• [Information]:
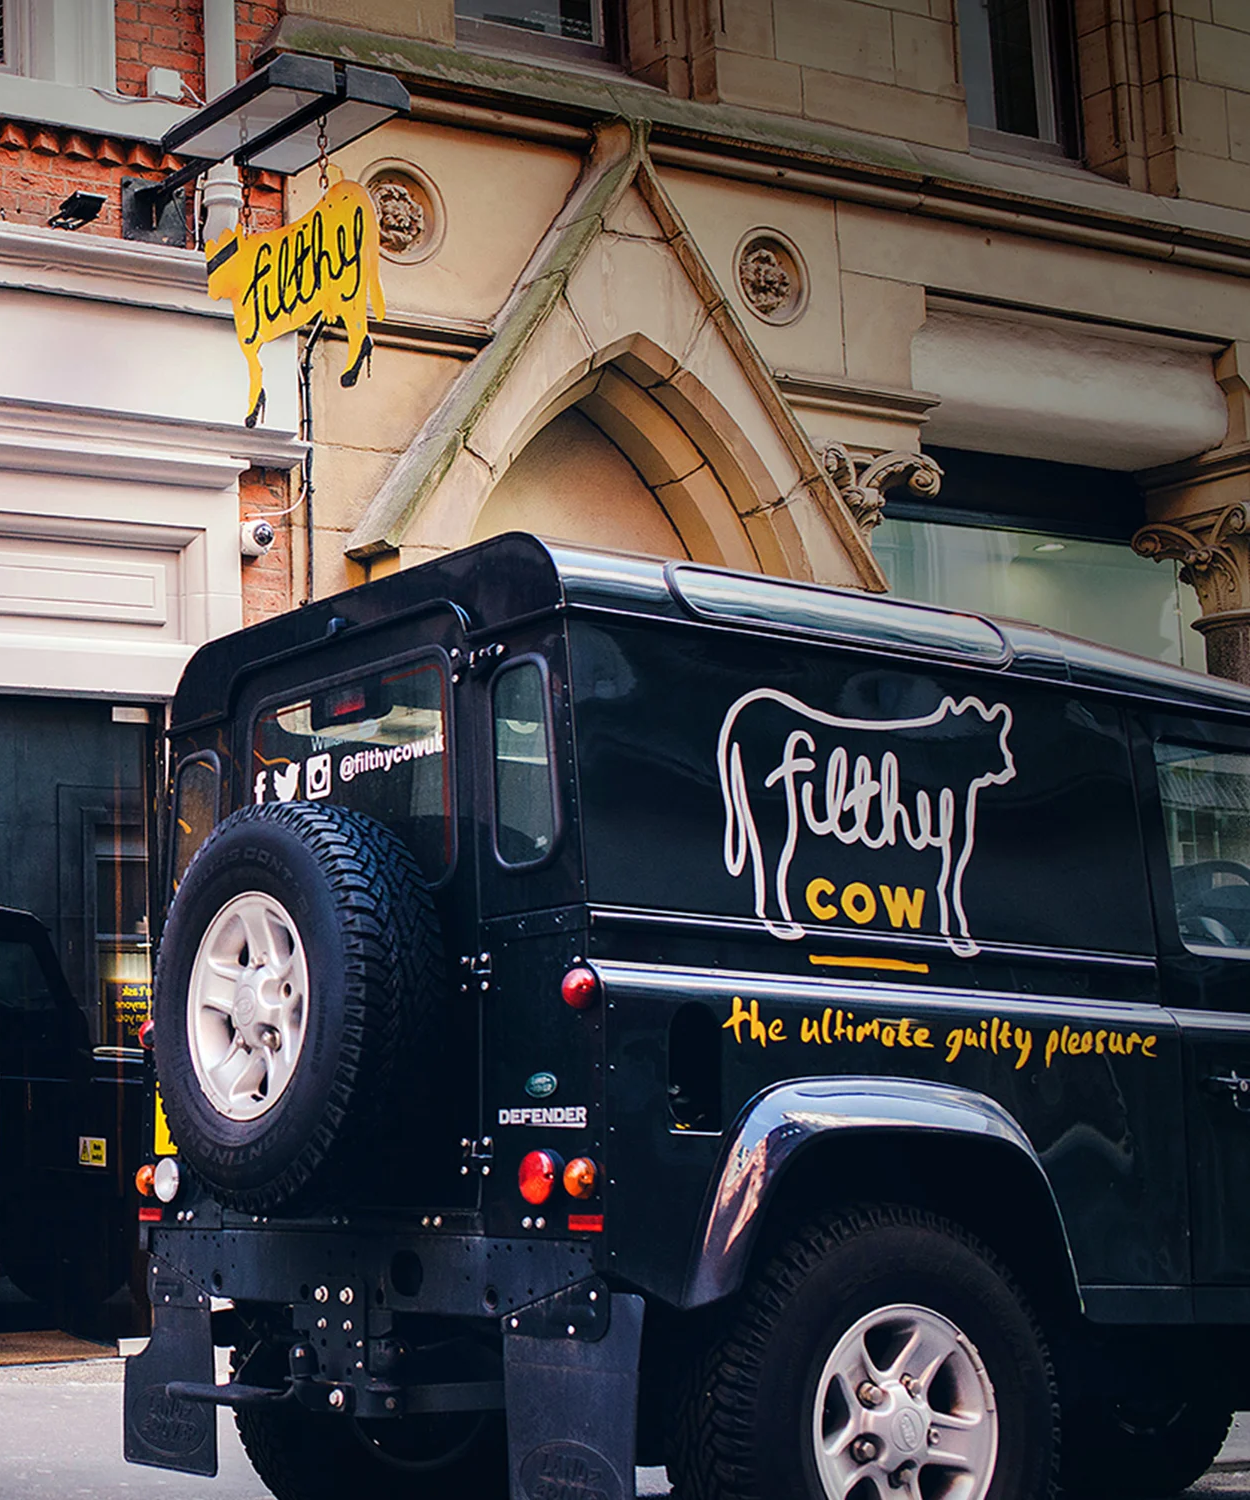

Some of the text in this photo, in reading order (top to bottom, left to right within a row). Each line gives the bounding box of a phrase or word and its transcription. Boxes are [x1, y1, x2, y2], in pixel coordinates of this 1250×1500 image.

[242, 206, 364, 345] filthy
[338, 733, 445, 782] @filthycowuk
[765, 730, 954, 852] filthy
[806, 878, 925, 929] COW
[722, 996, 1158, 1069] the ultimate guilty pleasure
[498, 1106, 587, 1125] DEFENDER
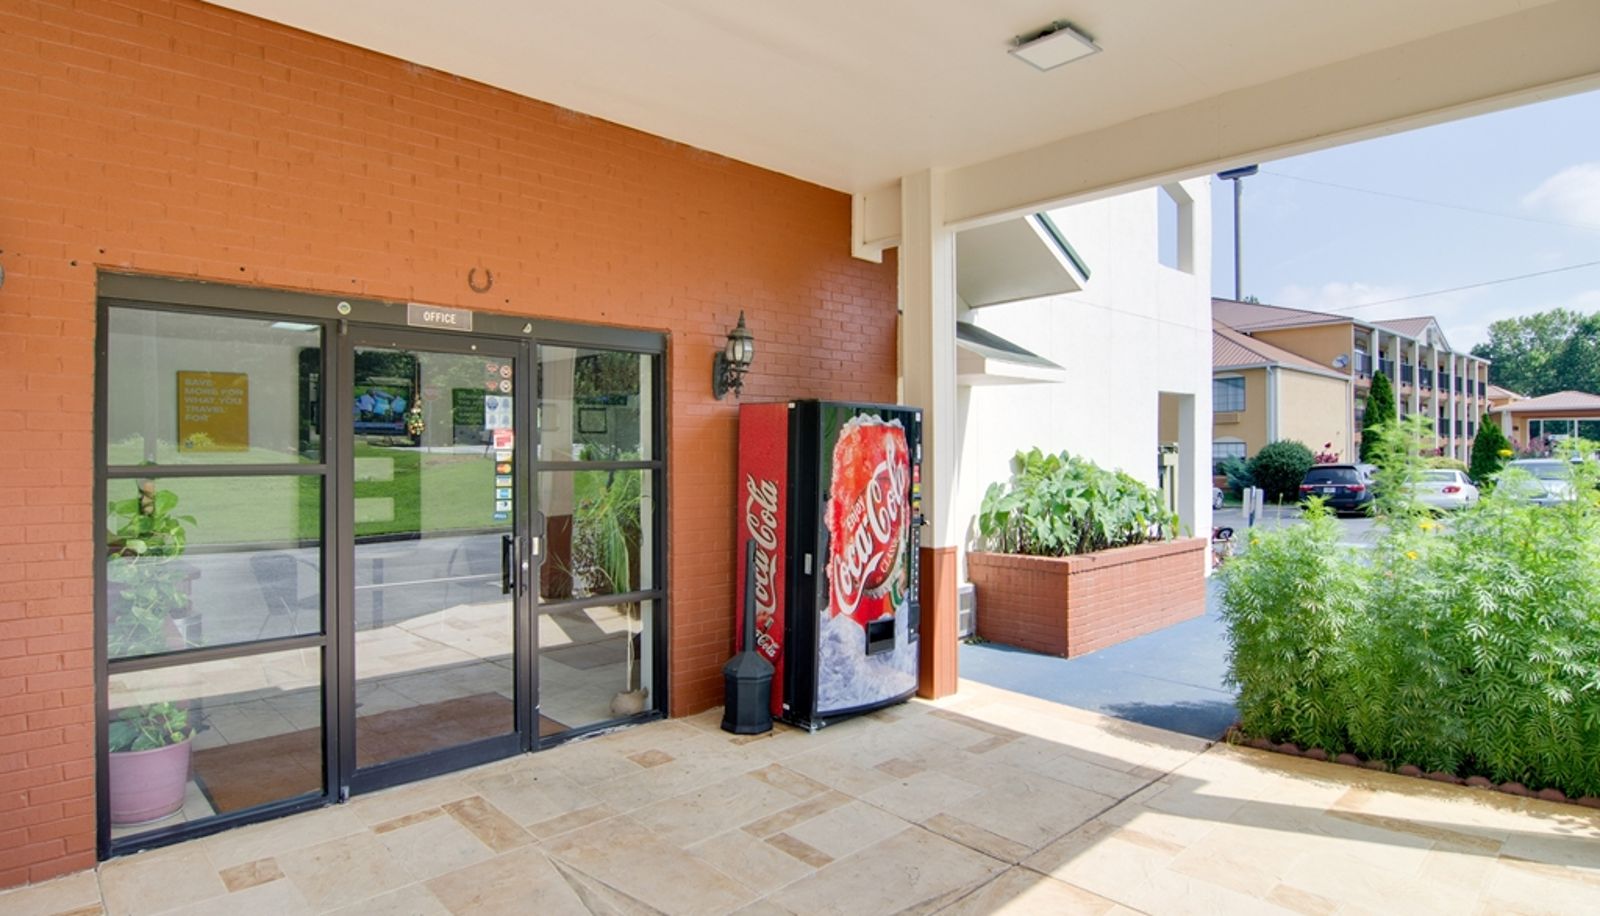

• [Prompt]:
Repeat verbatim all the material, but not the pictures.

• [Solution]:
Some of the text in this photo, in reading order (top to bottom, left to right within a row). Each line gives the bounding box of a phrase or word and its transcription. Boxes are [x1, y1, x2, y2], in pixel coordinates of this 1250×1500 image.

[242, 206, 364, 345] filthy
[338, 733, 445, 782] @filthycowuk
[765, 730, 954, 852] filthy
[806, 878, 925, 929] COW
[722, 996, 1158, 1069] the ultimate guilty pleasure
[498, 1106, 587, 1125] DEFENDER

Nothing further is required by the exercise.